TO DO:
In your copy of the data, omit the pictures and keep all else exactly as given.

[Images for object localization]
- - -
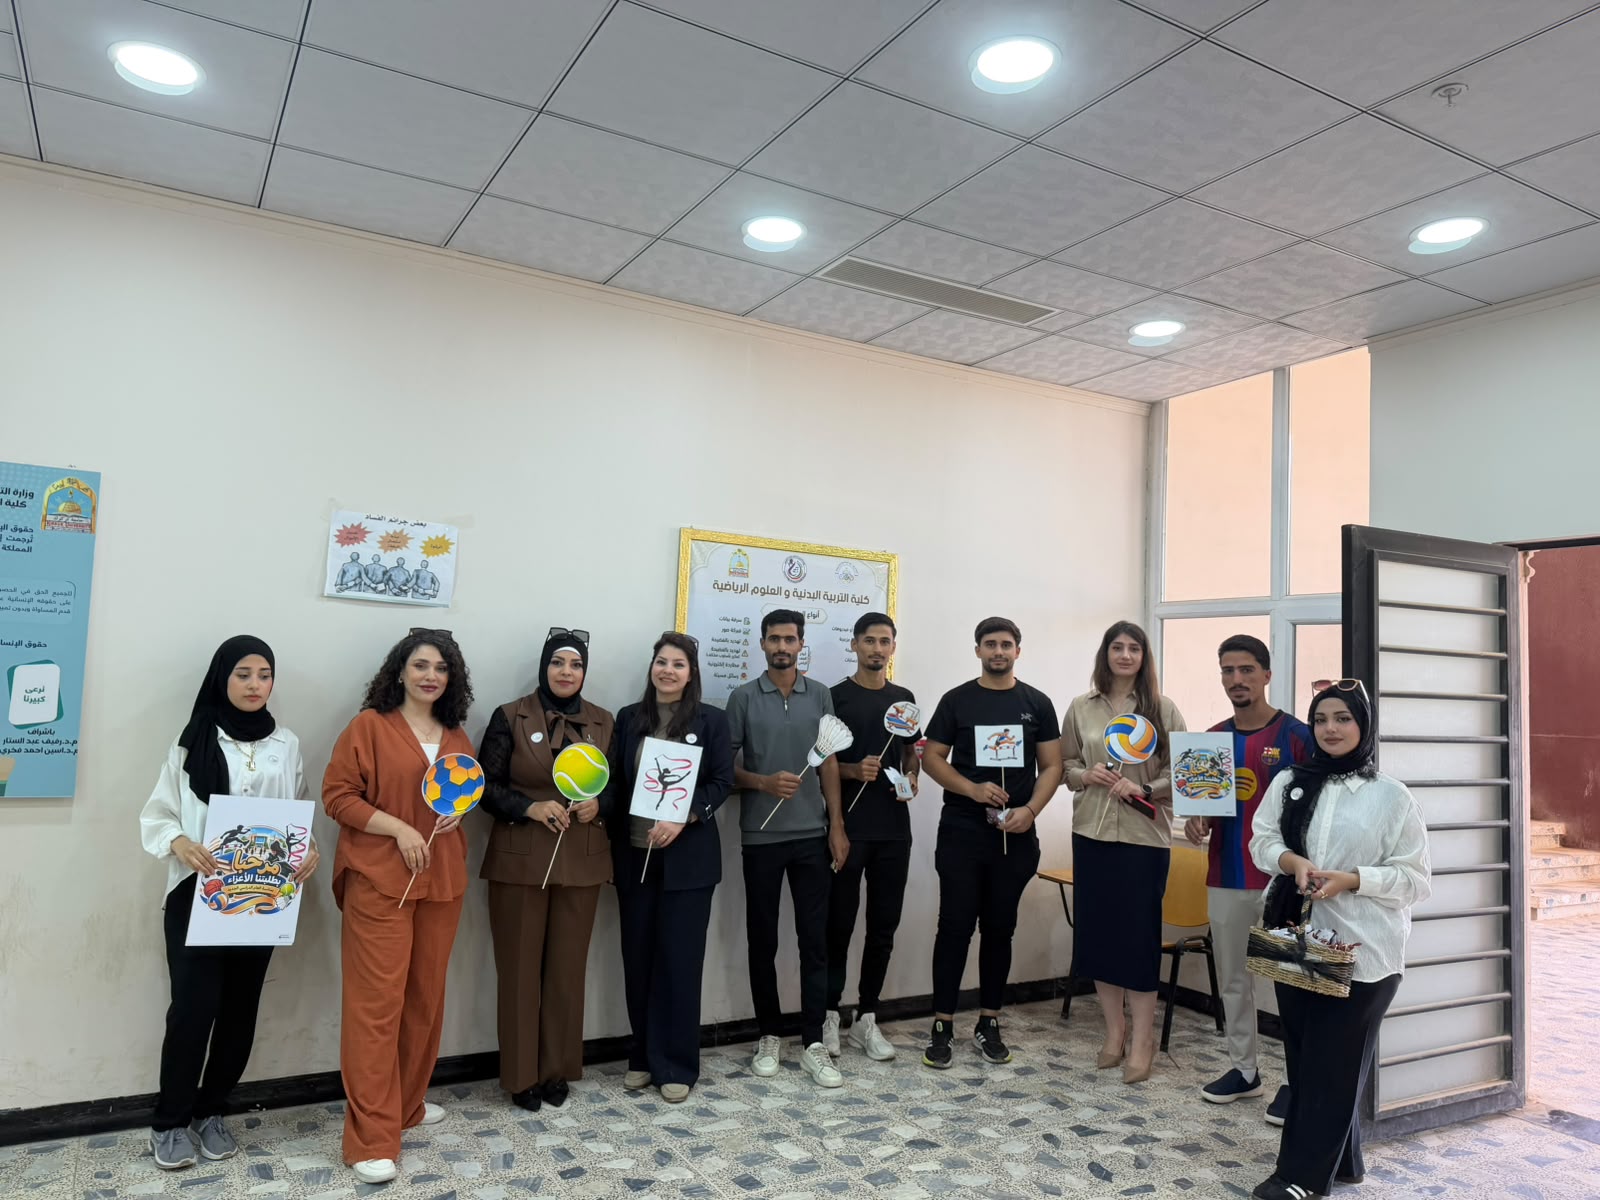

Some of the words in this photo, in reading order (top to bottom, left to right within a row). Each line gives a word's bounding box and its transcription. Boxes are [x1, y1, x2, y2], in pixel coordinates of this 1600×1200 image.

[12, 488, 34, 499] وزارة
[5, 499, 27, 508] كلية
[365, 513, 386, 521] الفساد
[388, 515, 408, 525] جرائم
[10, 524, 34, 533] حقوق
[410, 520, 427, 528] بعض
[1, 544, 33, 553] المملكة
[713, 580, 749, 594] الرياضية
[751, 586, 782, 597] العلوم
[51, 590, 72, 598] للجميع
[784, 590, 790, 599] و
[793, 587, 821, 600] البدنية
[823, 591, 849, 604] التربية
[37, 597, 56, 605] حقوقه
[851, 594, 870, 605] كلية
[24, 640, 48, 649] حقوق
[23, 695, 46, 704] كبيرنا
[27, 728, 55, 737] باشراف
[2, 737, 25, 745] الستار
[233, 848, 281, 875] مرحبا
[227, 872, 254, 884] الأعزاء
[255, 874, 281, 887] بطلبتنا
- - -
RESPONSE:
Some of the words in this photo, in reading order (top to bottom, left to right within a row). Each line gives a word's bounding box and its transcription. Boxes are [x1, y1, x2, y2], in pixel coordinates of this 1600×1200 image.

[12, 488, 34, 499] وزارة
[5, 499, 27, 508] كلية
[365, 513, 386, 521] الفساد
[388, 515, 408, 525] جرائم
[10, 524, 34, 533] حقوق
[410, 520, 427, 528] بعض
[1, 544, 33, 553] المملكة
[713, 580, 749, 594] الرياضية
[751, 586, 782, 597] العلوم
[51, 590, 72, 598] للجميع
[784, 590, 790, 599] و
[793, 587, 821, 600] البدنية
[823, 591, 849, 604] التربية
[37, 597, 56, 605] حقوقه
[851, 594, 870, 605] كلية
[24, 640, 48, 649] حقوق
[23, 695, 46, 704] كبيرنا
[27, 728, 55, 737] باشراف
[2, 737, 25, 745] الستار
[233, 848, 281, 875] مرحبا
[227, 872, 254, 884] الأعزاء
[255, 874, 281, 887] بطلبتنا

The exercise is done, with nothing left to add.